Task details
Images are to be excluded, and the rest of the data repeated exactly.

Records for this exercise
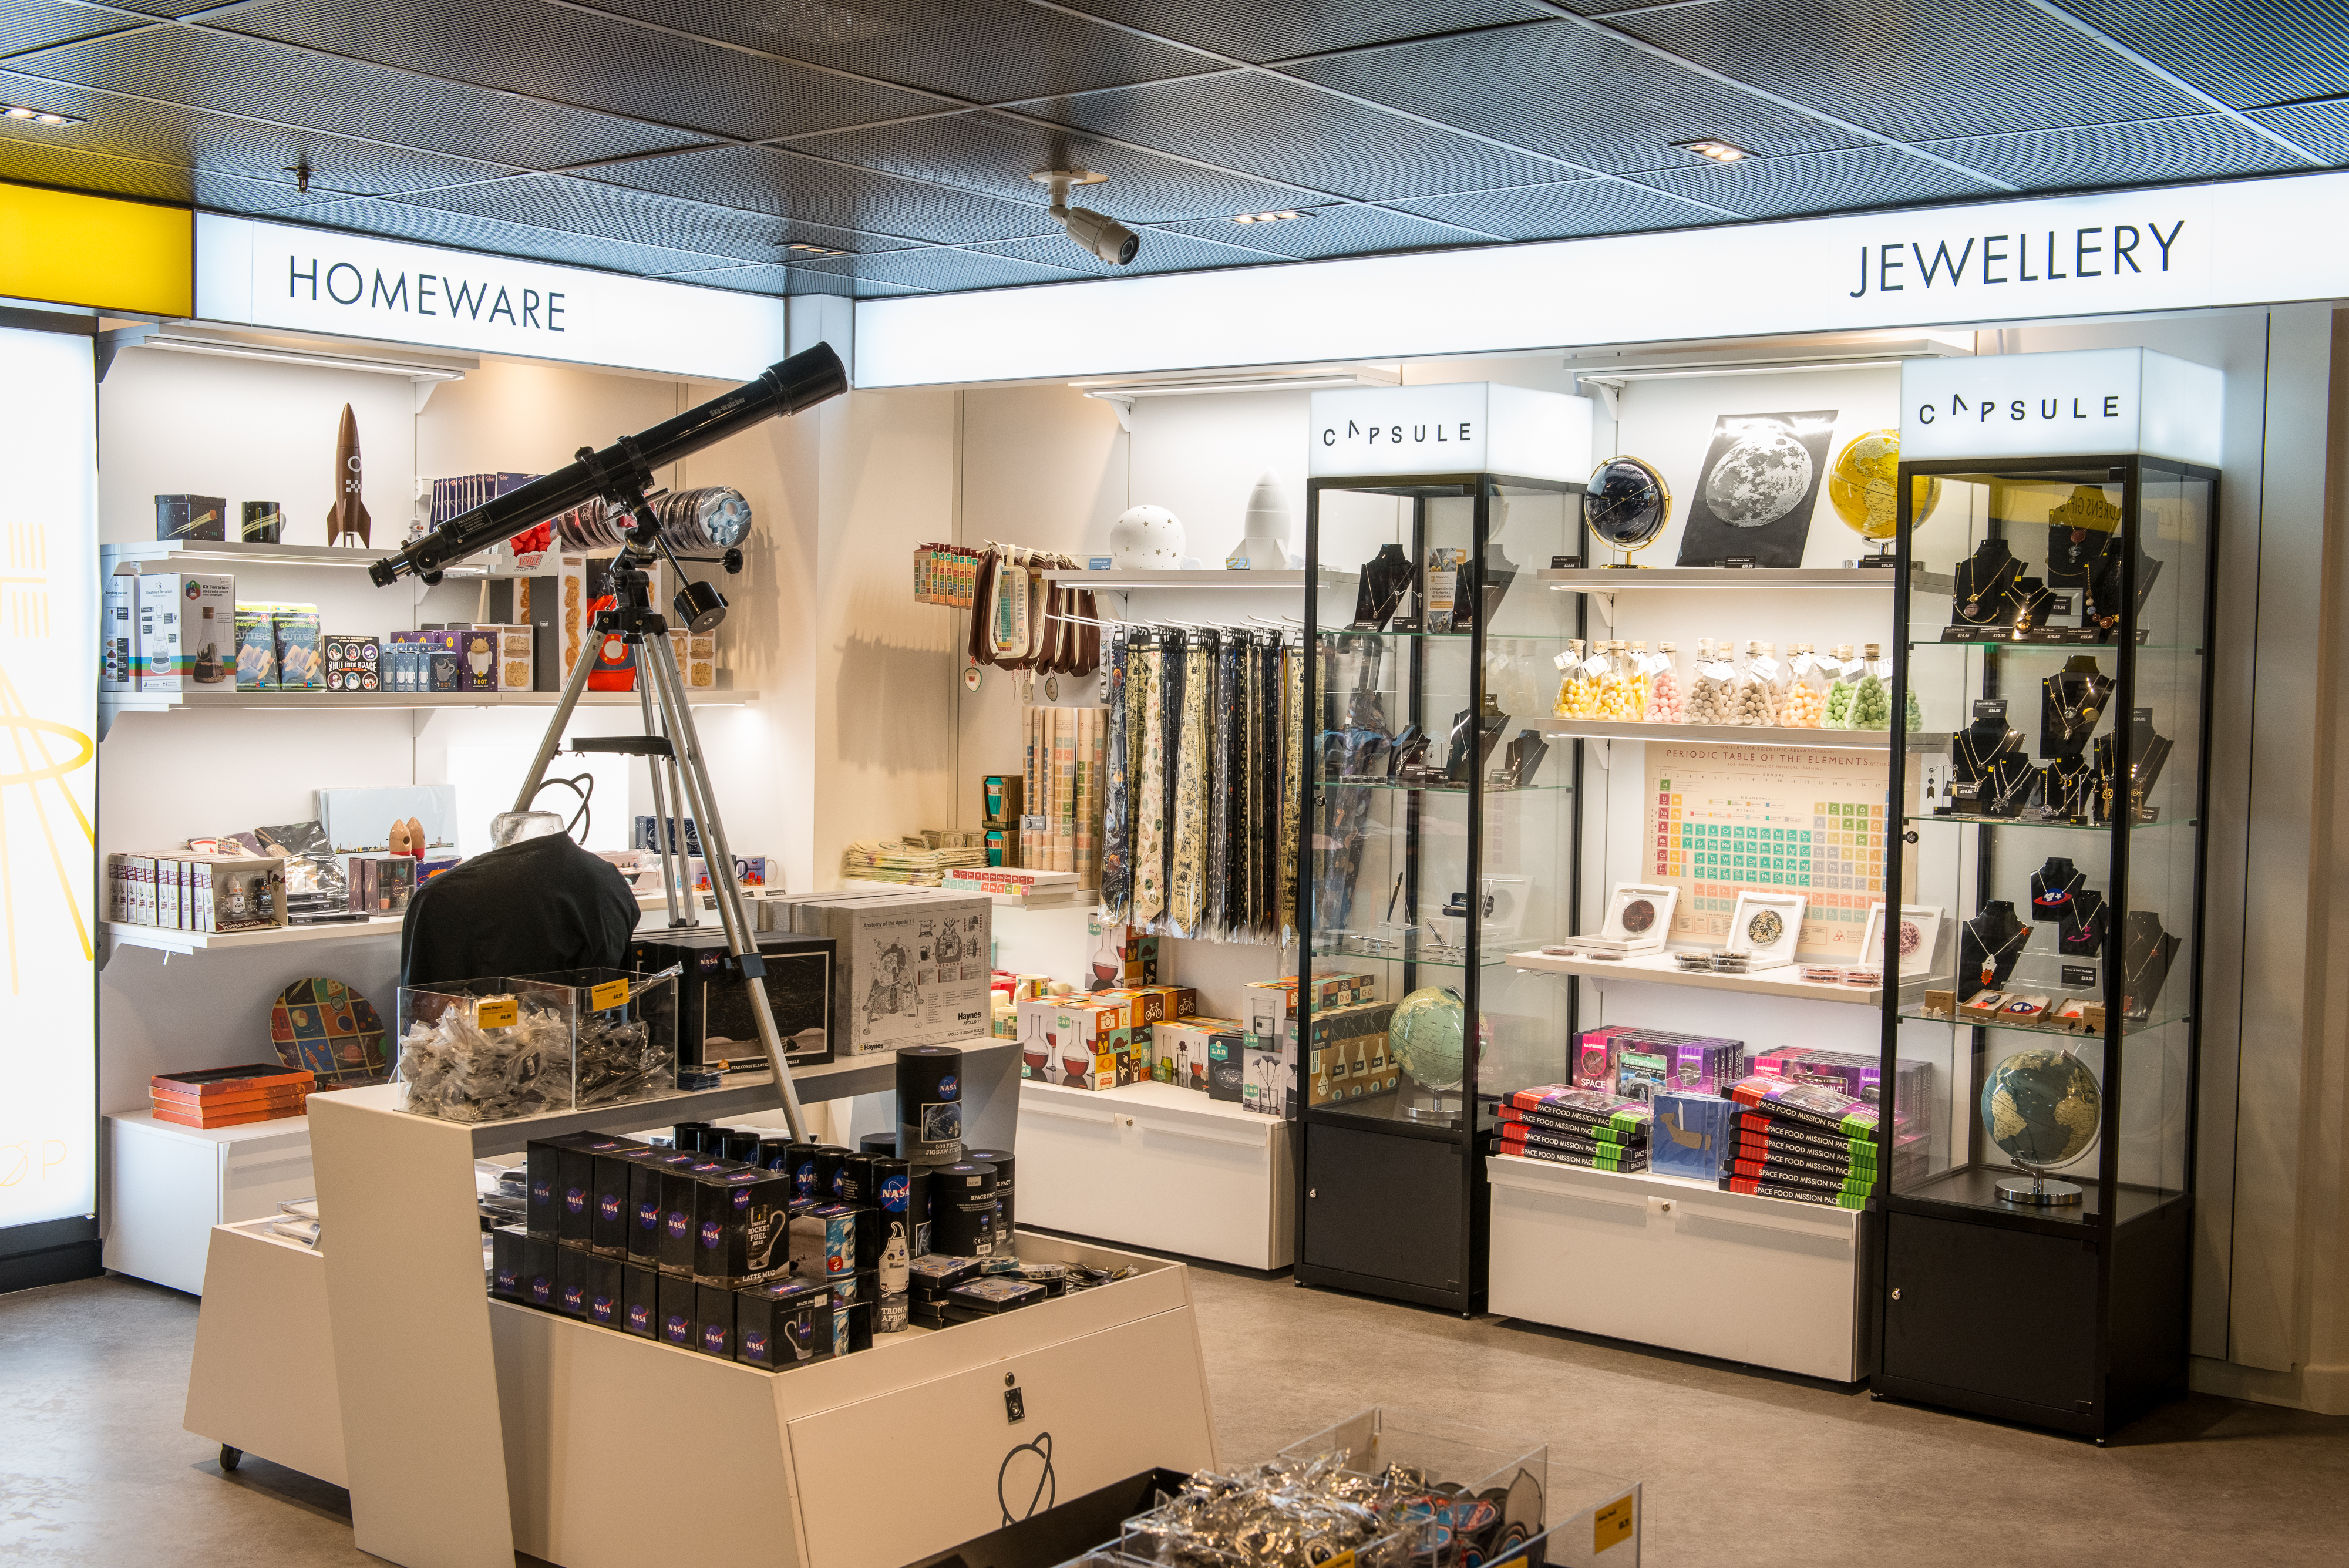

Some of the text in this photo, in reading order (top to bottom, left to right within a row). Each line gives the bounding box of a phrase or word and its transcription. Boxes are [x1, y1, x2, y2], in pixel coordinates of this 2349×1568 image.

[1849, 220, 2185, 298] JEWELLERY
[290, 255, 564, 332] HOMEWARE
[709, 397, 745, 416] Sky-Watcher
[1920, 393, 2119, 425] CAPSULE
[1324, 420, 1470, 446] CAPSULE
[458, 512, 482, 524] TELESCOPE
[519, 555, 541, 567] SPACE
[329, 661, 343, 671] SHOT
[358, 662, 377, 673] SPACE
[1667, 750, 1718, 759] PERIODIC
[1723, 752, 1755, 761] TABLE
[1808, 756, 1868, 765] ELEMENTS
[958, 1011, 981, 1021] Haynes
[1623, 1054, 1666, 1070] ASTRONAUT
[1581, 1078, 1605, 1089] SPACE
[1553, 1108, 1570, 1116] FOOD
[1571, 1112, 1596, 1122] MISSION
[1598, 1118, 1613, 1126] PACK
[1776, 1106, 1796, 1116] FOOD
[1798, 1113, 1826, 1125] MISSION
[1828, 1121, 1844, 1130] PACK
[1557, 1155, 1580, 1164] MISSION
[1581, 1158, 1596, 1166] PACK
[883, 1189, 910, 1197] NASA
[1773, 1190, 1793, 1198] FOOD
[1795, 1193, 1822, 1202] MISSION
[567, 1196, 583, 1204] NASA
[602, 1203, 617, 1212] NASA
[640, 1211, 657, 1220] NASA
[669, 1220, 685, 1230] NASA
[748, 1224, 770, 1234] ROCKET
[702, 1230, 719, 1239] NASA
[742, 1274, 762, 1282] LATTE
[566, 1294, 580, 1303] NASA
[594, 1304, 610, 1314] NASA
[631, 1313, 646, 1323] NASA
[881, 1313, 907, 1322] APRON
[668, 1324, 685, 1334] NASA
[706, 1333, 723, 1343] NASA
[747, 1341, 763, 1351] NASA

Answer to this exercise
Some of the text in this photo, in reading order (top to bottom, left to right within a row). Each line gives the bounding box of a phrase or word and its transcription. Boxes are [x1, y1, x2, y2], in pixel coordinates of this 2349×1568 image.

[1849, 220, 2185, 298] JEWELLERY
[290, 255, 564, 332] HOMEWARE
[709, 397, 745, 416] Sky-Watcher
[1920, 393, 2119, 425] CAPSULE
[1324, 420, 1470, 446] CAPSULE
[458, 512, 482, 524] TELESCOPE
[519, 555, 541, 567] SPACE
[329, 661, 343, 671] SHOT
[358, 662, 377, 673] SPACE
[1667, 750, 1718, 759] PERIODIC
[1723, 752, 1755, 761] TABLE
[1808, 756, 1868, 765] ELEMENTS
[958, 1011, 981, 1021] Haynes
[1623, 1054, 1666, 1070] ASTRONAUT
[1581, 1078, 1605, 1089] SPACE
[1553, 1108, 1570, 1116] FOOD
[1571, 1112, 1596, 1122] MISSION
[1598, 1118, 1613, 1126] PACK
[1776, 1106, 1796, 1116] FOOD
[1798, 1113, 1826, 1125] MISSION
[1828, 1121, 1844, 1130] PACK
[1557, 1155, 1580, 1164] MISSION
[1581, 1158, 1596, 1166] PACK
[883, 1189, 910, 1197] NASA
[1773, 1190, 1793, 1198] FOOD
[1795, 1193, 1822, 1202] MISSION
[567, 1196, 583, 1204] NASA
[602, 1203, 617, 1212] NASA
[640, 1211, 657, 1220] NASA
[669, 1220, 685, 1230] NASA
[748, 1224, 770, 1234] ROCKET
[702, 1230, 719, 1239] NASA
[742, 1274, 762, 1282] LATTE
[566, 1294, 580, 1303] NASA
[594, 1304, 610, 1314] NASA
[631, 1313, 646, 1323] NASA
[881, 1313, 907, 1322] APRON
[668, 1324, 685, 1334] NASA
[706, 1333, 723, 1343] NASA
[747, 1341, 763, 1351] NASA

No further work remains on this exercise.